This is very parameter inefficient, which leads to longer training time and overfitting.
A better way is to only look at a small chunk of tokens at once and do something with them before looking at the next chunk of tokens.
The number of parameters required in this way depends on the number of tokens in the chunk rather than in the text, which is more reasonable and is closer to how people read.
In this topic we'll see how to do this using a mathematical operator called the **convolution operation**.

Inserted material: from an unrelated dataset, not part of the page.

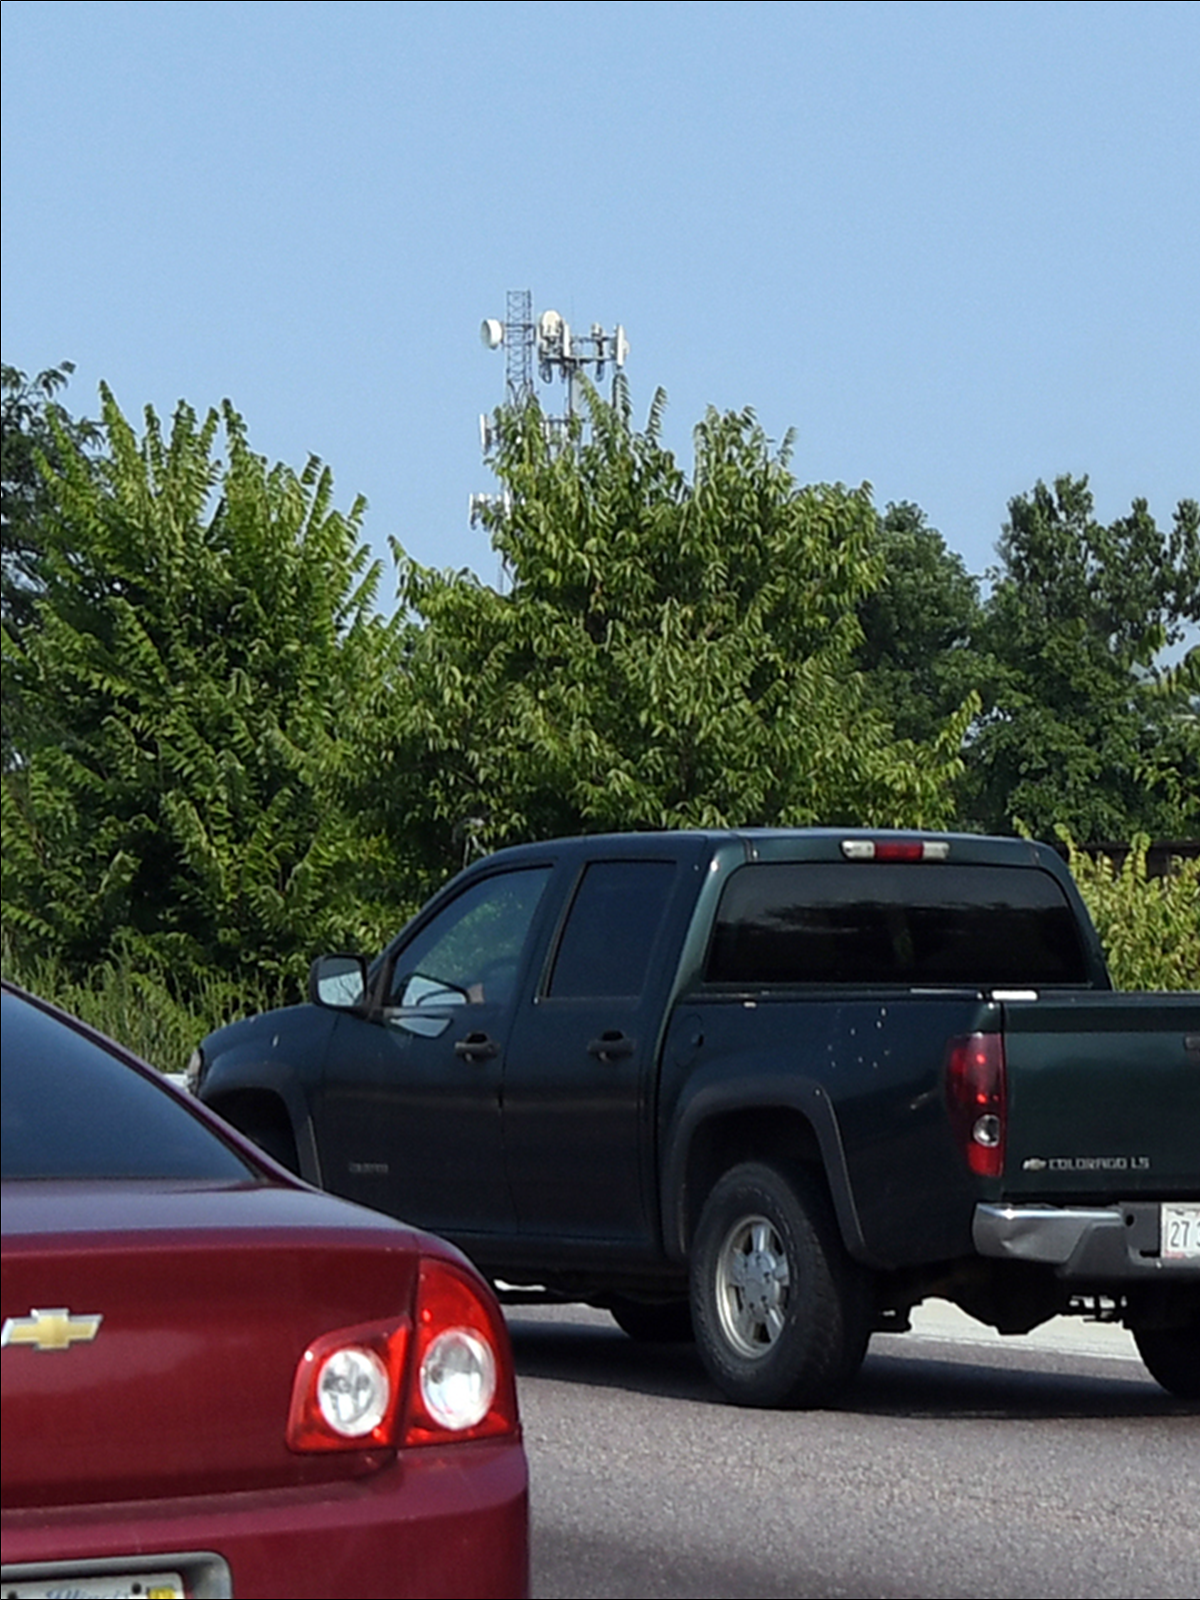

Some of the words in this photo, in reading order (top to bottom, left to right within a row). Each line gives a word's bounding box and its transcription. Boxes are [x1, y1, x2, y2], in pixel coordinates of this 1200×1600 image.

[1048, 1158, 1128, 1170] COLORADO
[1130, 1157, 1150, 1169] LS
[1170, 1220, 1190, 1248] 27

## The convolution operator

The **convolution operator** is a mathematical operator that takes two tensors, the **input tensor** and the smaller **kernel tensor**, and produces a **resultant tensor**.
Imagine the kernel tensor sliding over the input tensor.
As the kernel slides over the input, the **dot product** (sum of products of corresponding numbers) of the overlapping numbers is appended to the resultant tensor.
Below is an example using two vectors:

![](simple_conv.png)

The width of the kernel, or amount of numbers seen at once, is called the **window size**.
Note how the resultant vector is one number shorter than the input vector.
Having a smaller resultant tensor is normal in convolution operations.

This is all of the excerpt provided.